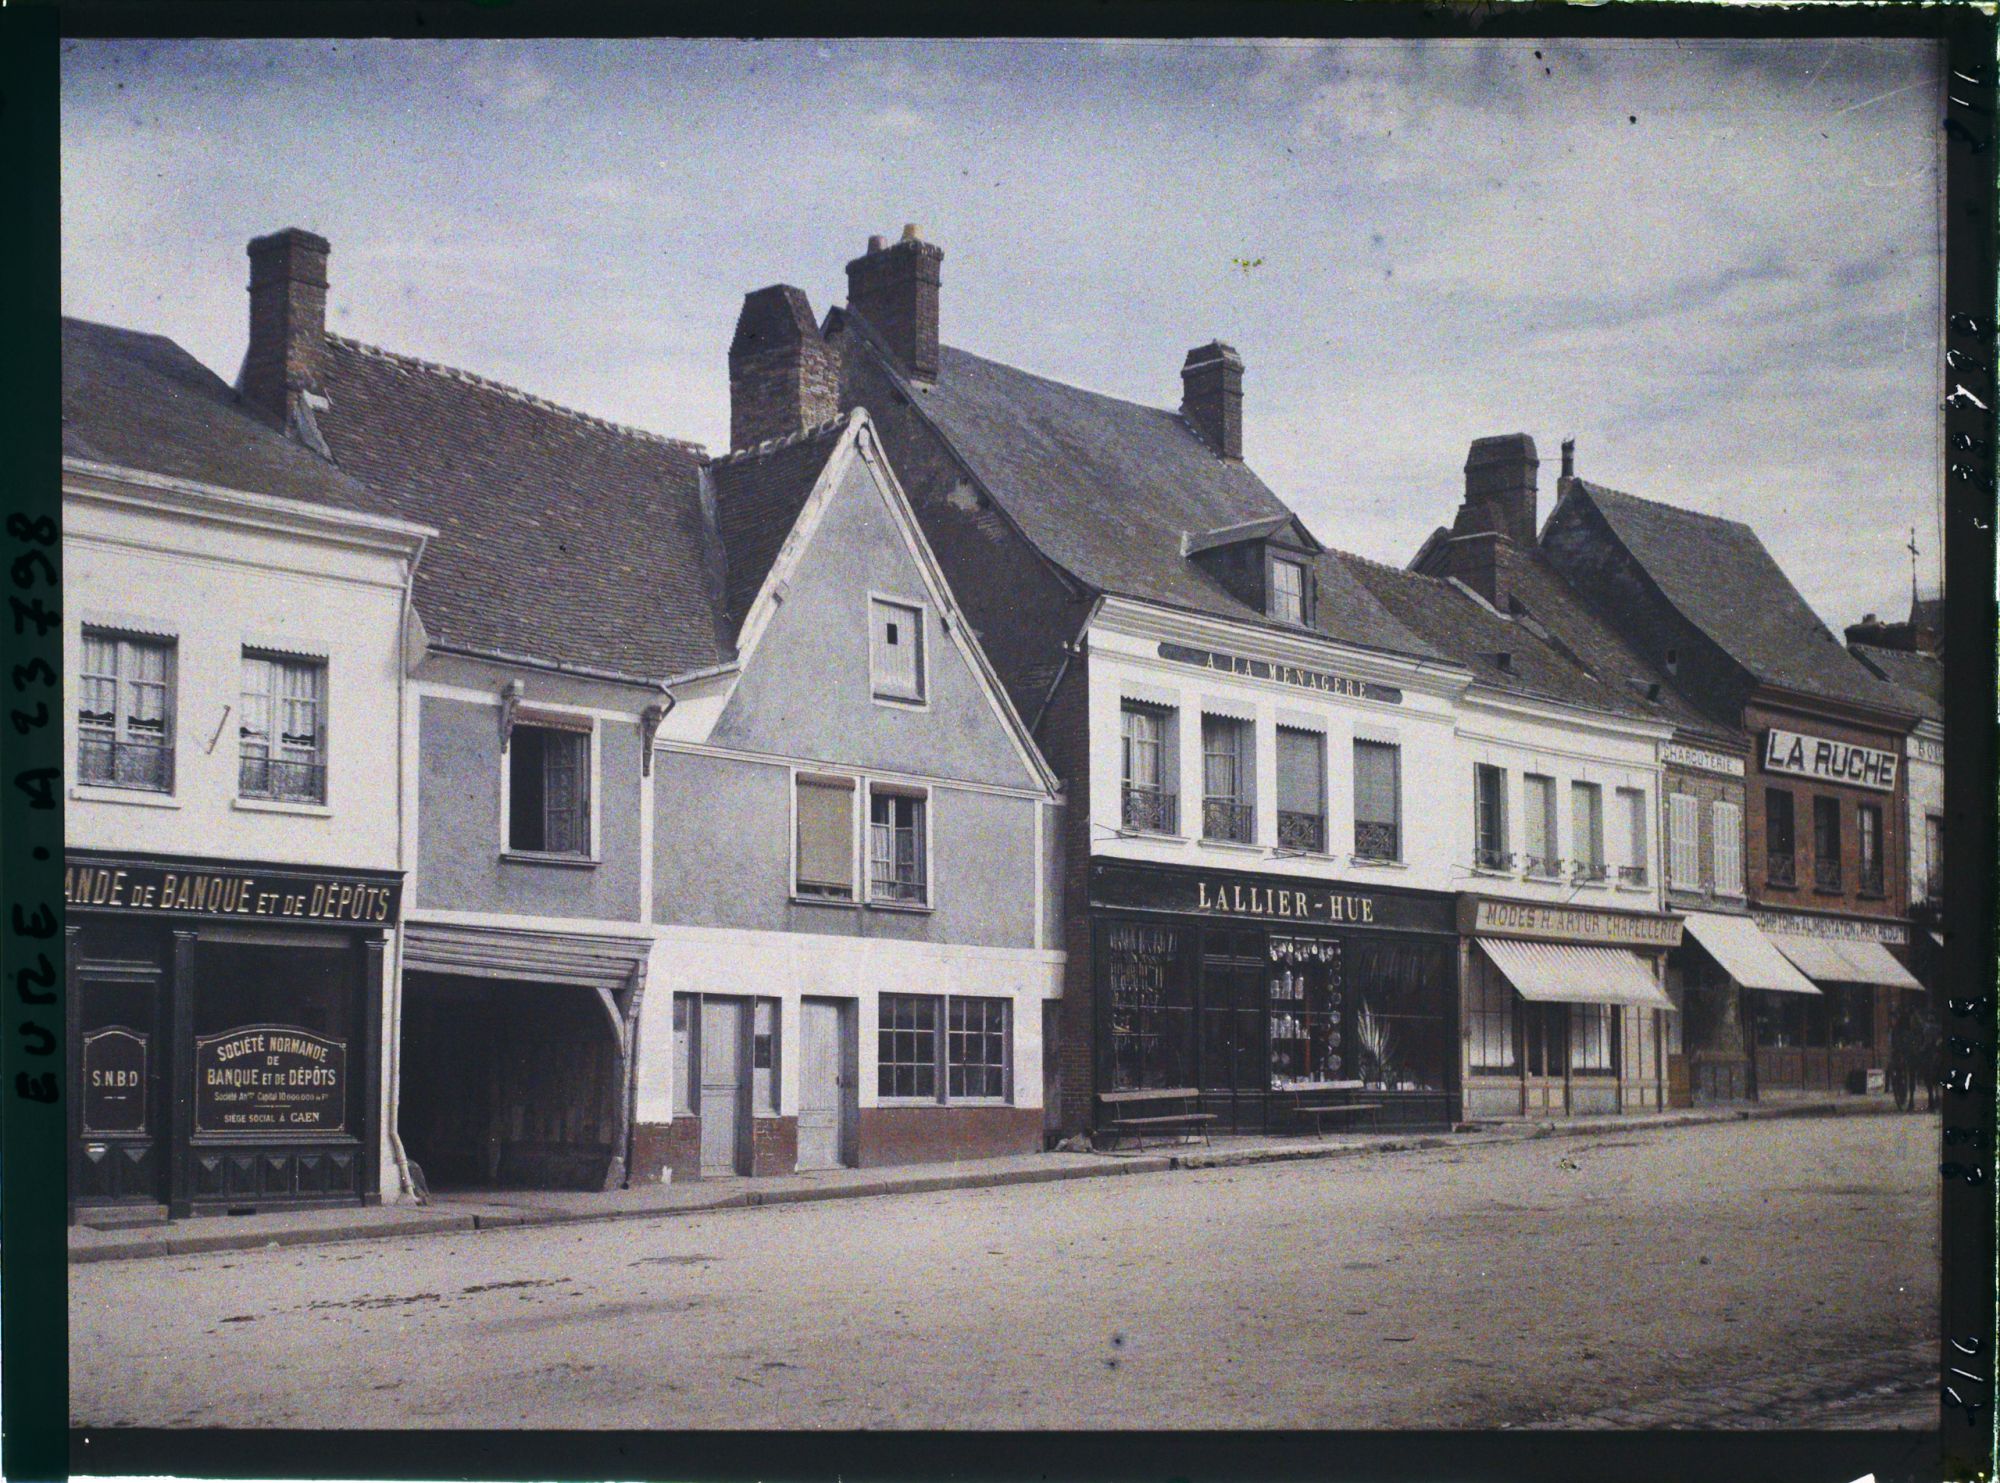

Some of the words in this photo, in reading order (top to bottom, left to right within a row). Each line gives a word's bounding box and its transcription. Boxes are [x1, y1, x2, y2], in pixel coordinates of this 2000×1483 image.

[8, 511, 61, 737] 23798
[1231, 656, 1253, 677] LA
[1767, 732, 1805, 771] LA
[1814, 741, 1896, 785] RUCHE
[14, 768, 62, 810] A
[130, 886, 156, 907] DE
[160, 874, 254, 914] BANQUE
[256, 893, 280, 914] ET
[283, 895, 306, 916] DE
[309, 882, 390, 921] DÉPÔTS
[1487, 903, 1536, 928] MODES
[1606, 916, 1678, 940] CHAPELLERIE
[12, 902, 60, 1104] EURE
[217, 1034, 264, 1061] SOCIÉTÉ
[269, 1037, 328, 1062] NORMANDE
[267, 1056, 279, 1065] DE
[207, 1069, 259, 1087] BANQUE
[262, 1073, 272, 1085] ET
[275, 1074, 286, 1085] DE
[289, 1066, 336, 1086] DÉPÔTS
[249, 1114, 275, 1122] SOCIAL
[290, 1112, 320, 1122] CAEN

━━━━━━━━━━━━━━━━━━━━

- _Assignment_:
Exact reproduction of the entries above is what's needed; images stay out.

- _Solution to this problem_:
Some of the words in this photo, in reading order (top to bottom, left to right within a row). Each line gives a word's bounding box and its transcription. Boxes are [x1, y1, x2, y2], in pixel coordinates of this 2000×1483 image.

[8, 511, 61, 737] 23798
[1231, 656, 1253, 677] LA
[1767, 732, 1805, 771] LA
[1814, 741, 1896, 785] RUCHE
[14, 768, 62, 810] A
[130, 886, 156, 907] DE
[160, 874, 254, 914] BANQUE
[256, 893, 280, 914] ET
[283, 895, 306, 916] DE
[309, 882, 390, 921] DÉPÔTS
[1487, 903, 1536, 928] MODES
[1606, 916, 1678, 940] CHAPELLERIE
[12, 902, 60, 1104] EURE
[217, 1034, 264, 1061] SOCIÉTÉ
[269, 1037, 328, 1062] NORMANDE
[267, 1056, 279, 1065] DE
[207, 1069, 259, 1087] BANQUE
[262, 1073, 272, 1085] ET
[275, 1074, 286, 1085] DE
[289, 1066, 336, 1086] DÉPÔTS
[249, 1114, 275, 1122] SOCIAL
[290, 1112, 320, 1122] CAEN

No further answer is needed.